**Exercise prompt**
Leave every image behind and restate the data word for word.

**Extracted records**

# # # #

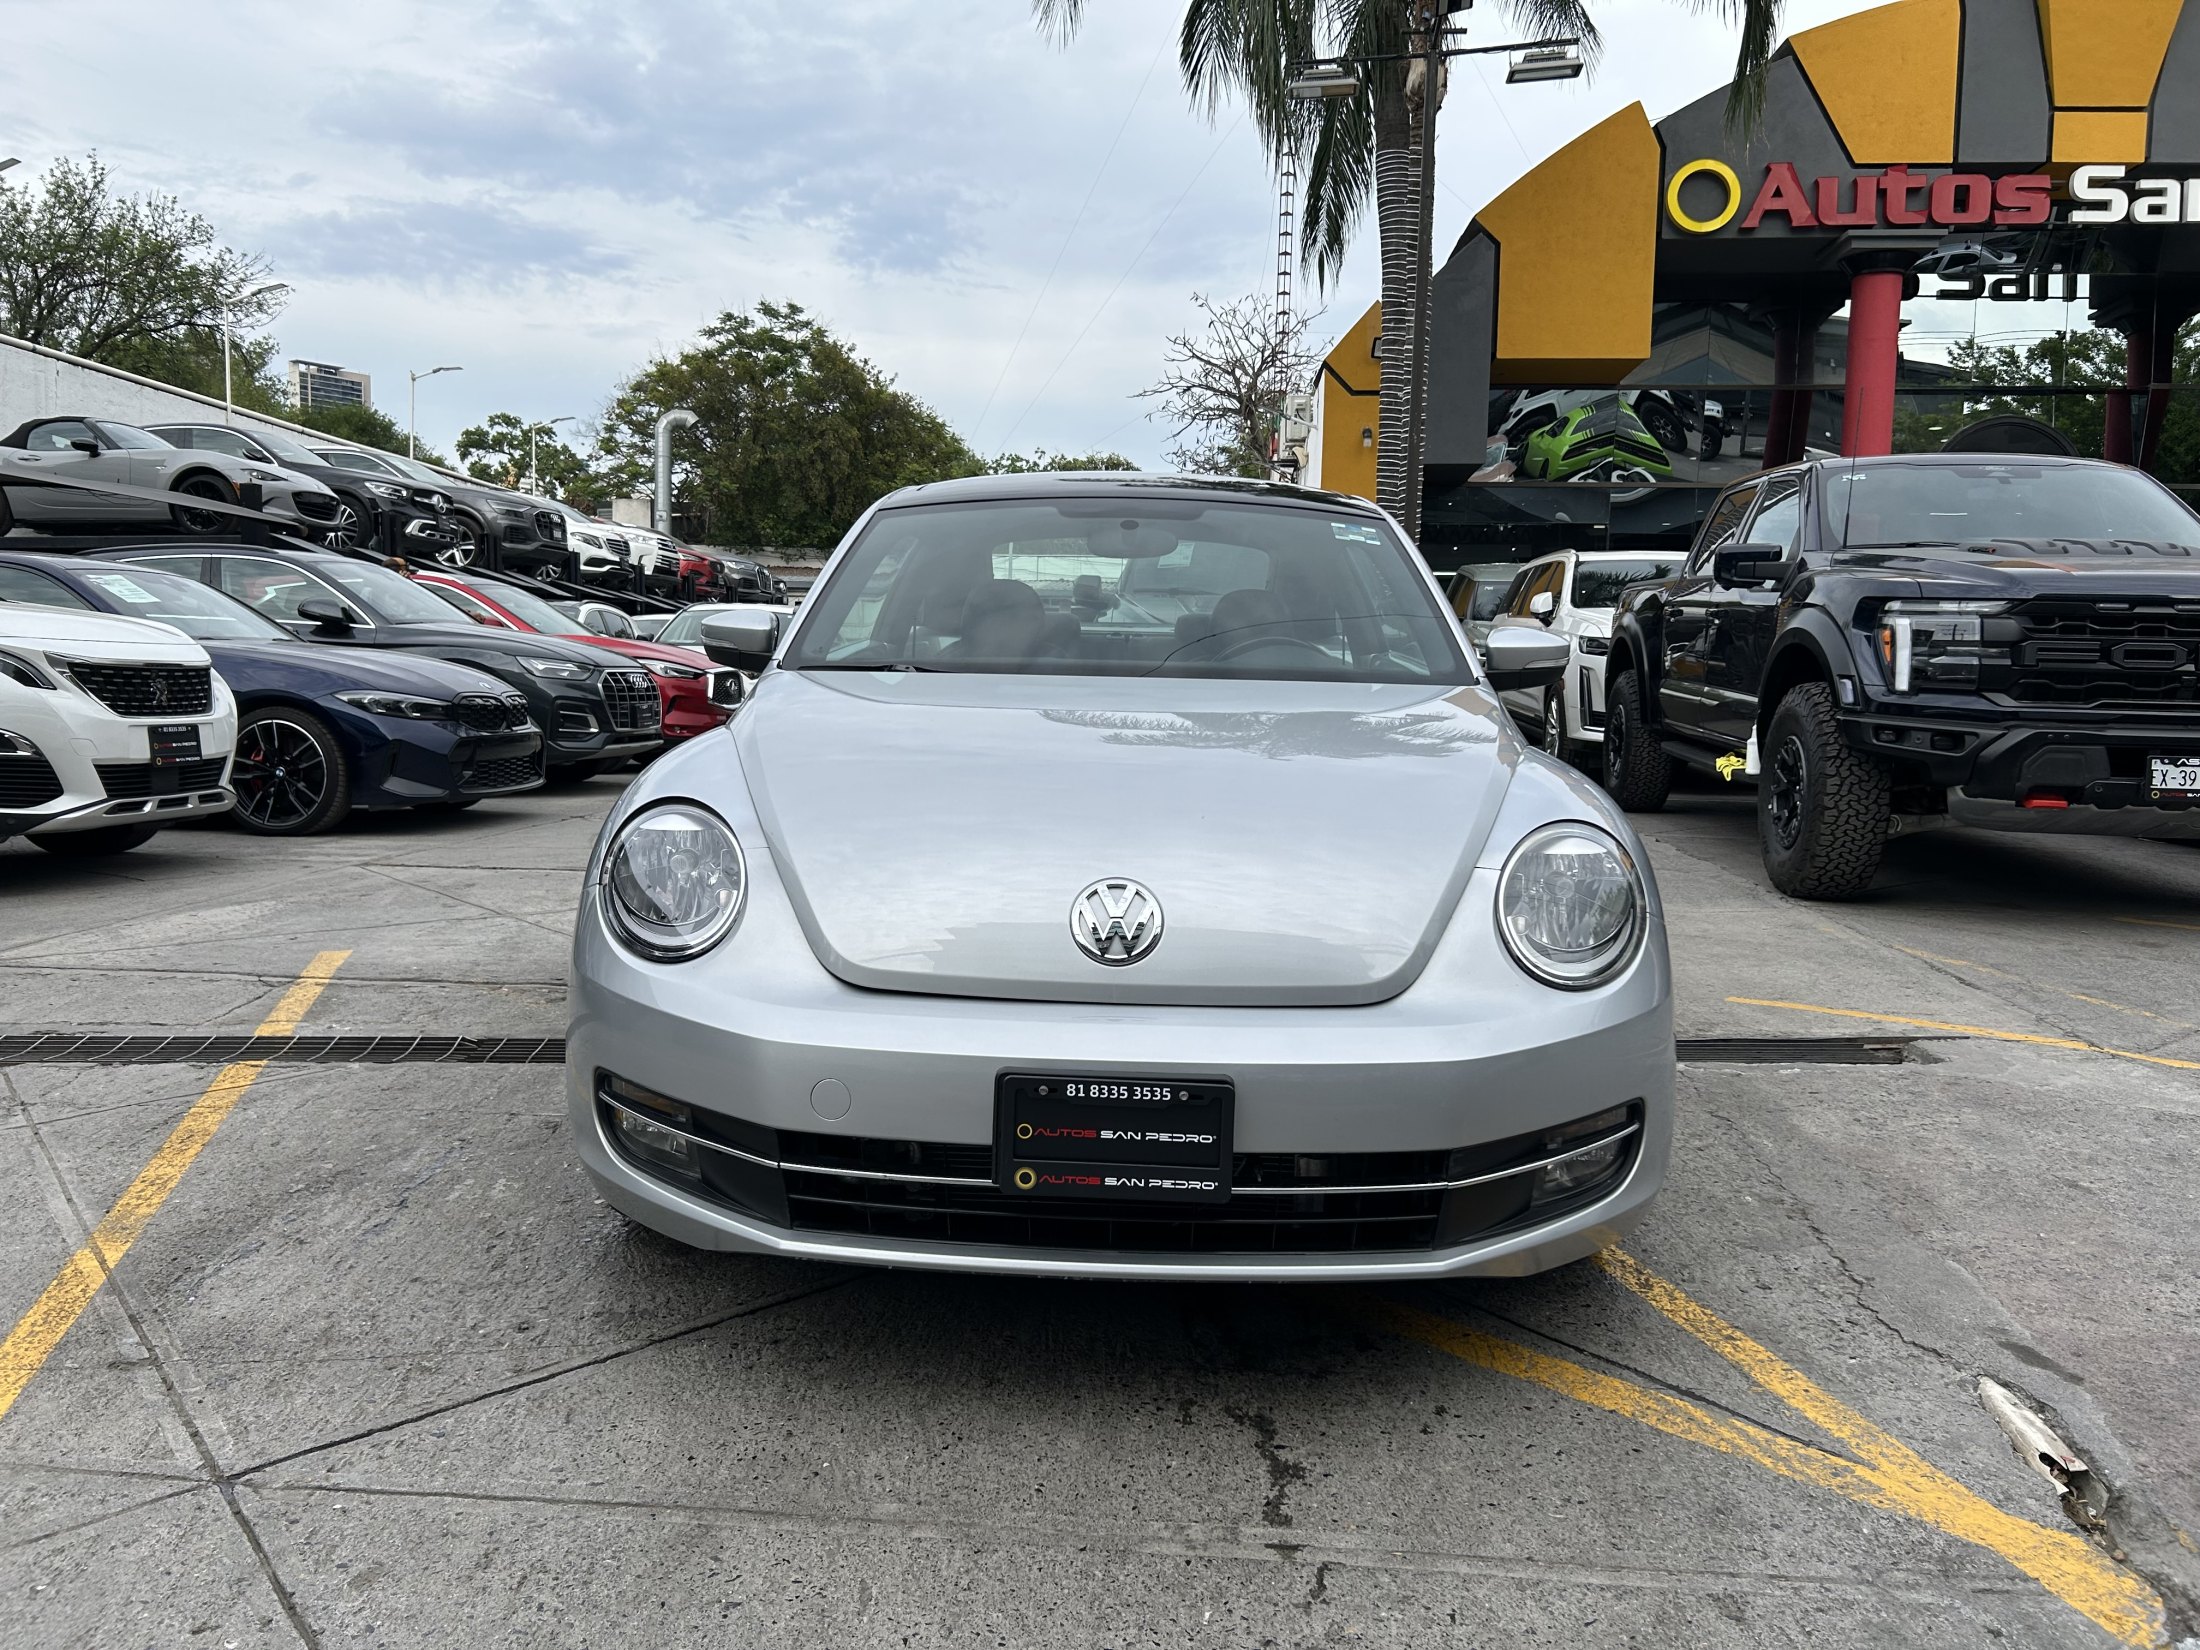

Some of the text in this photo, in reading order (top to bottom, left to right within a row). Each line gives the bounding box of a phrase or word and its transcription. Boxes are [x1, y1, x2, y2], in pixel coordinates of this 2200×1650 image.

[1739, 162, 2051, 229] Autos
[1066, 1083, 1171, 1101] 81 8335 3535
[1034, 1127, 1097, 1138] AUTOS
[1100, 1130, 1142, 1141] SAN
[1039, 1174, 1101, 1185] AUTOS
[1104, 1177, 1145, 1188] SAN
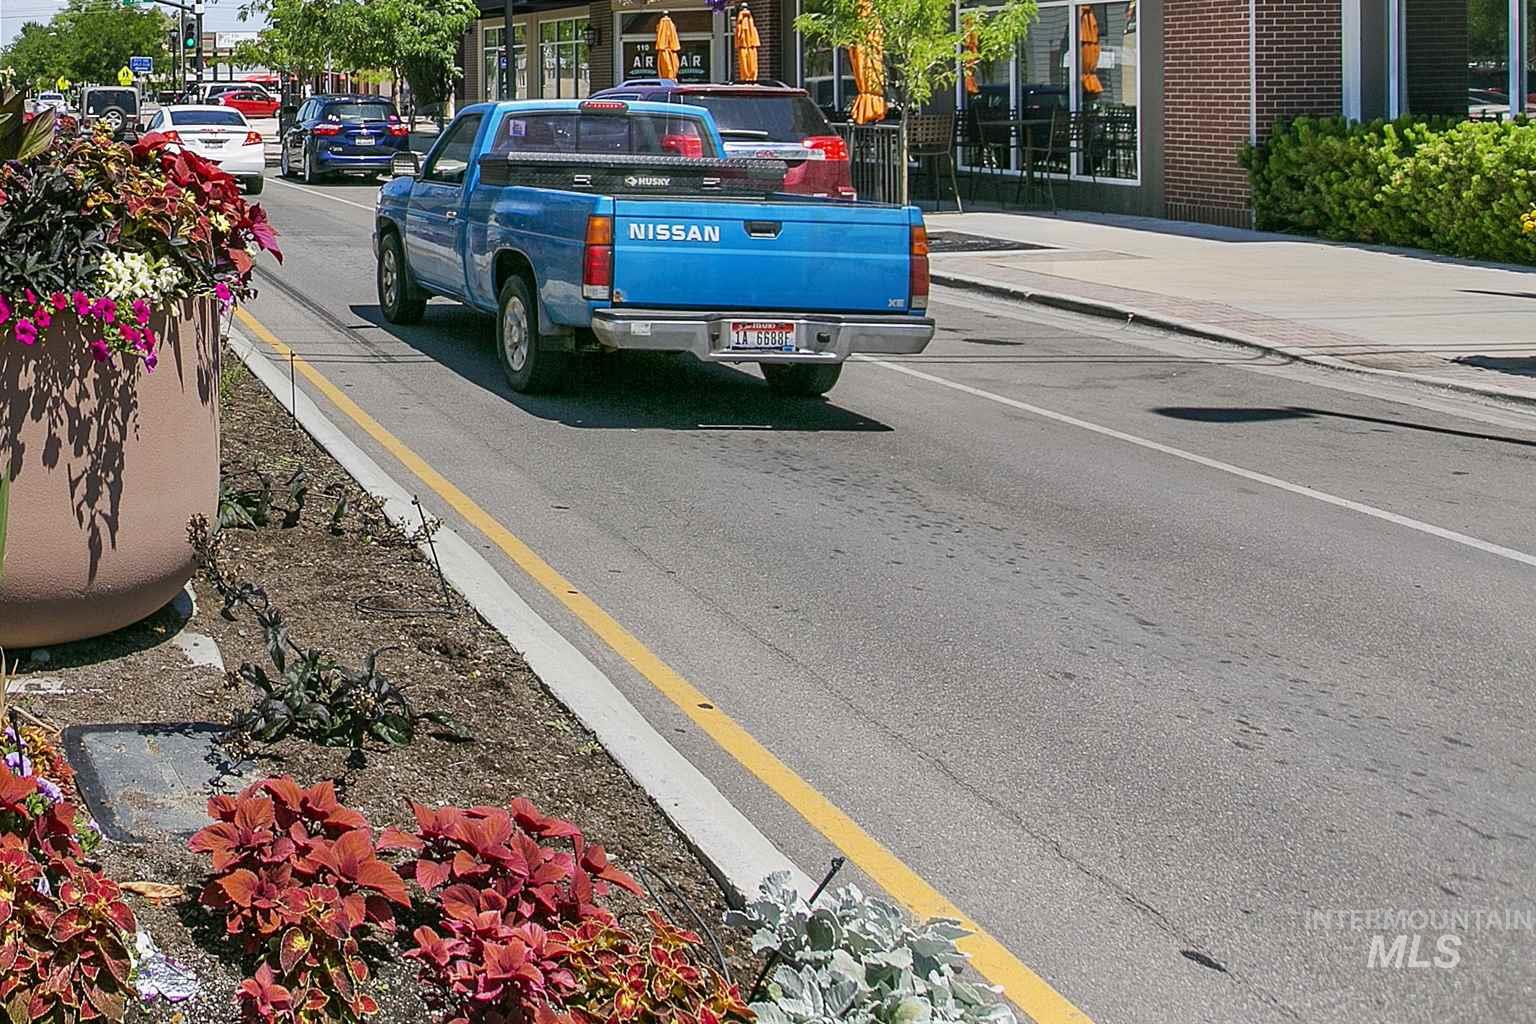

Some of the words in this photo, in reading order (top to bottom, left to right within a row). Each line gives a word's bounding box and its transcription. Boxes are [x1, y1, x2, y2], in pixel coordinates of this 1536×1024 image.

[638, 177, 671, 185] HUSKY
[629, 223, 720, 242] NISSAN
[735, 331, 748, 345] 1A
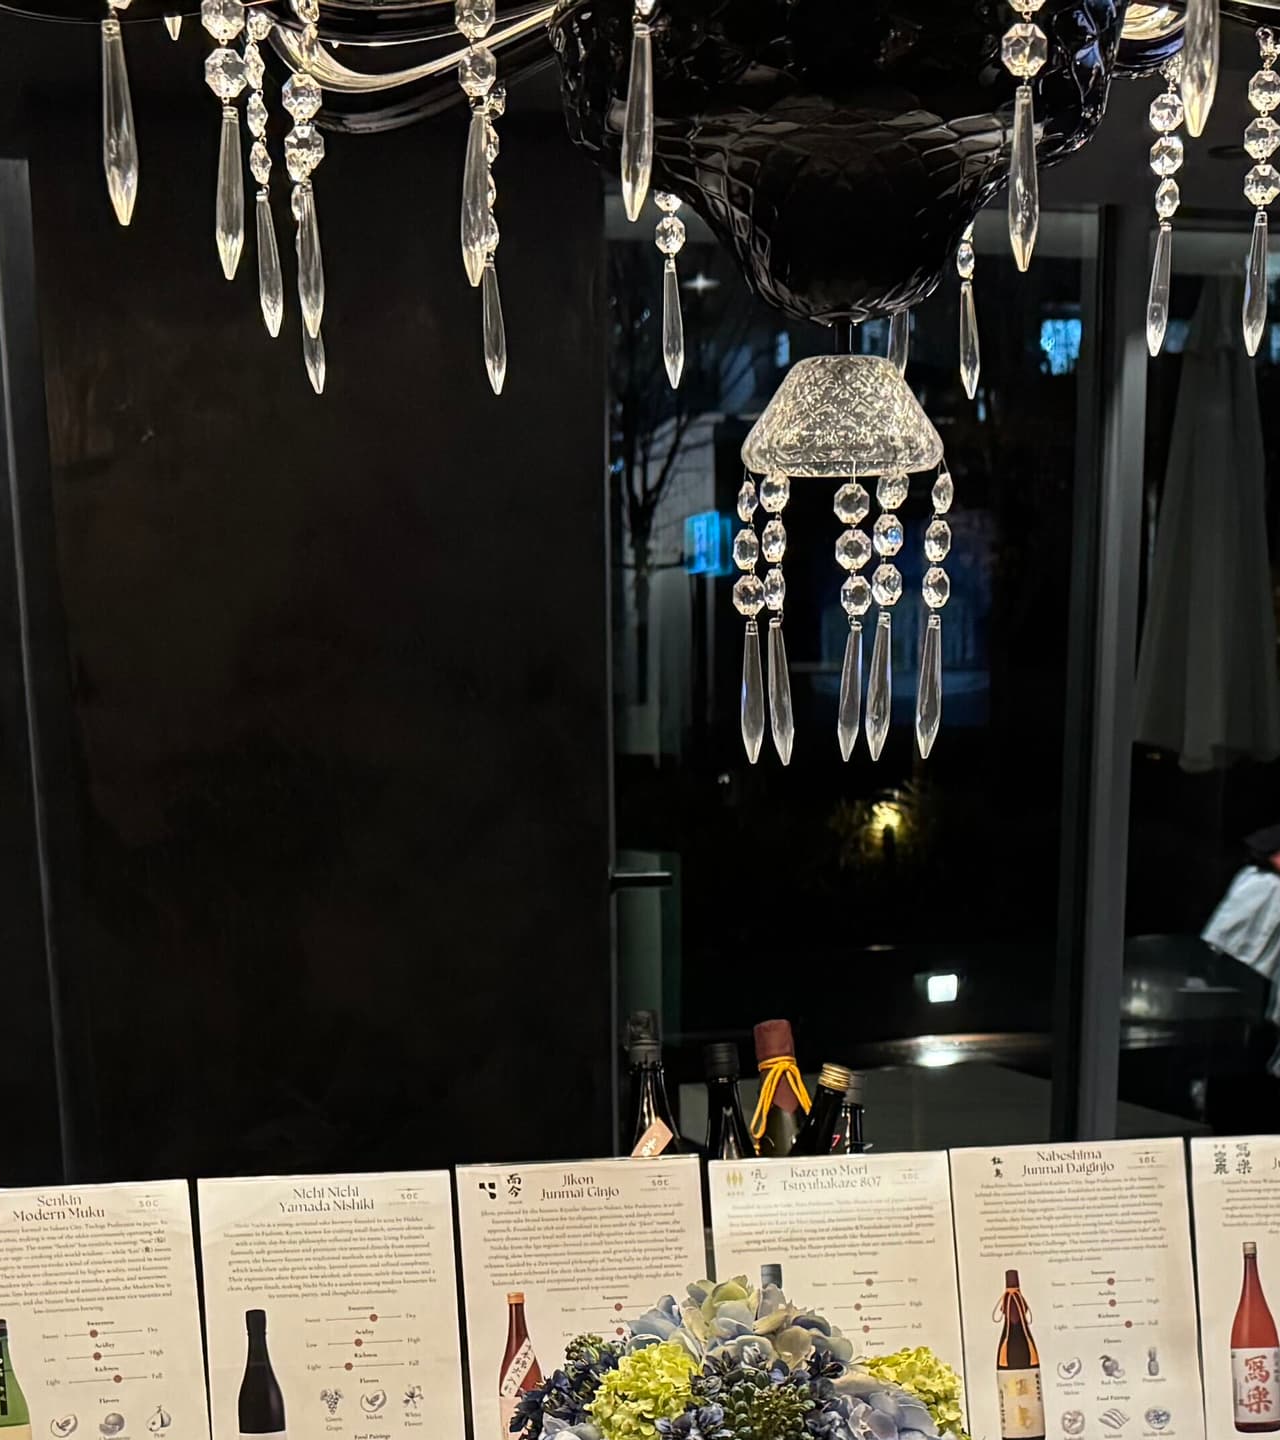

# # # #

**Response box**
Some of the text in this photo, in reading order (top to bottom, left to right within a row). Each line gives the bounding box of a phrase or word and its transcription. Boxes are [x1, y1, x2, y2], in pixel coordinates of this 2200×1650 image.

[1739, 162, 2051, 229] Autos
[1066, 1083, 1171, 1101] 81 8335 3535
[1034, 1127, 1097, 1138] AUTOS
[1100, 1130, 1142, 1141] SAN
[1039, 1174, 1101, 1185] AUTOS
[1104, 1177, 1145, 1188] SAN

Some of the words in this photo, in reading order (top to bottom, left to right within a row). Each line gives a word's bounding box and its transcription. Boxes are [x1, y1, x2, y2], in pixel coordinates of this 1536×1024 image.

[638, 177, 671, 185] HUSKY
[629, 223, 720, 242] NISSAN
[735, 331, 748, 345] 1A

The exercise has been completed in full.